= Jean-Michel Caradec'h =

French journalist and writer (1950–2022)

Jean-Michel Caradec'h (22 March 1950 - 17 November 2022) was a French journalist and writer. He is the author of several books in association with personalities of show business, sports, and civil life. The originality of his style and the variety of the subjects handled are a direct continuation of his activity as journalist.

== Career ==

After studying clinical psychology (masters) at the University Paris Diderot, Jean-Michel Caradec'h worked as senior reporter for more than 25 years. He began his career in 1974, in the early days of the daily newspaper Libération. In 1979, he participated in the creation of the short-lived Paris-Hebdo, a city magazine launched in Paris by Jean-Louis Servan-Schreiber, before joining in 1980 the editorial staff of Paris Match, then directed by Roger Therond. For Paris Match he covered society issues, major news stories (Gregory affair) and conflicts worldwide (the wars in Lebanon, El Salvador, Chad, Iran-Iraq).

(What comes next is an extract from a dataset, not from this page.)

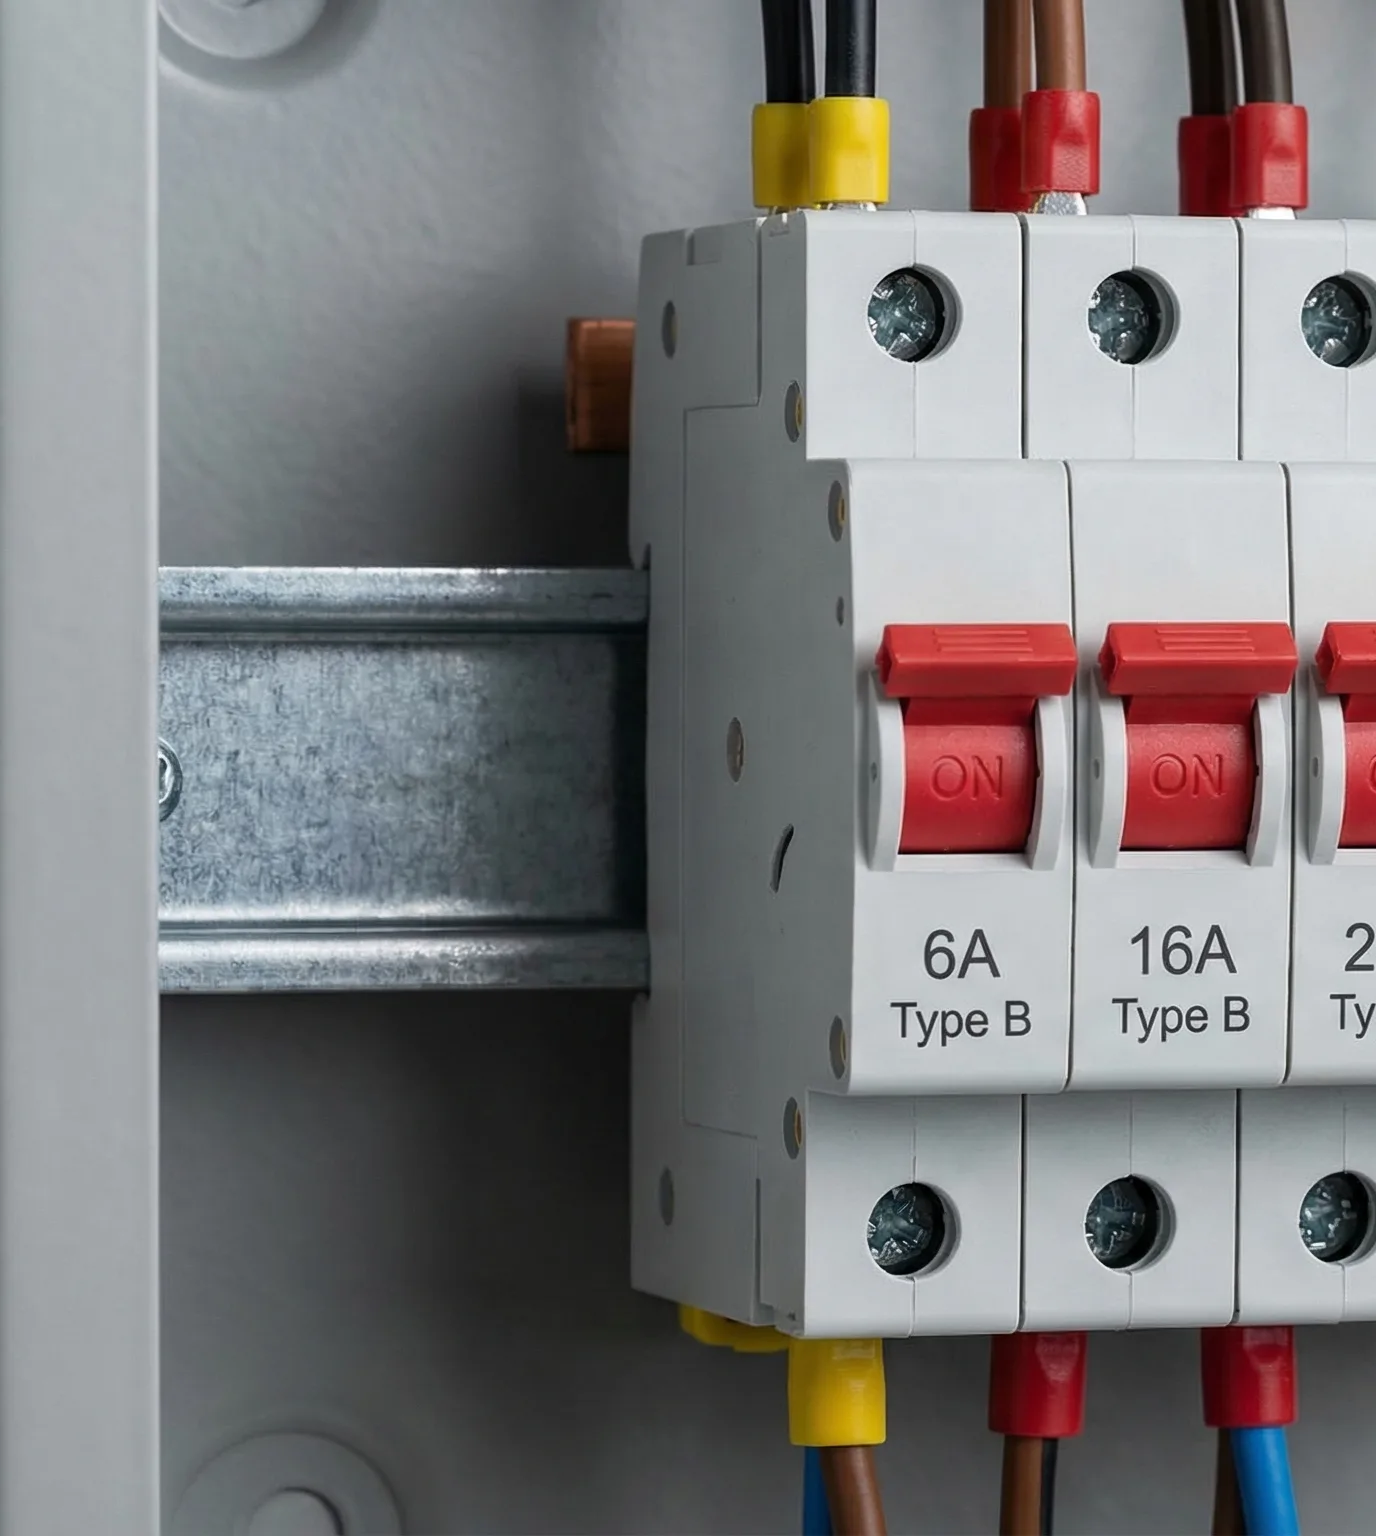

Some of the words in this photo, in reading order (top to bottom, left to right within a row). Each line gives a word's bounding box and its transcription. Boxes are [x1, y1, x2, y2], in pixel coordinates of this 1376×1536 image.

He received the Albert Londres Award in 1984 for his stories on Salvadoran guerrilla warfare. In 1987, he was in charge of the cover stories in the department of investigations of L'Express, where he published several scoops (sales of weapons to Iraq; sabotage of the Ariane rocket; hostages in Ouvéa; Greenpeace: Rainbow Warrior affair; French Doctors story). He was the only reporter admitted among the French Foreign Legion (Operation Daguet) during the operation Desert Storm in the Iraq invasion.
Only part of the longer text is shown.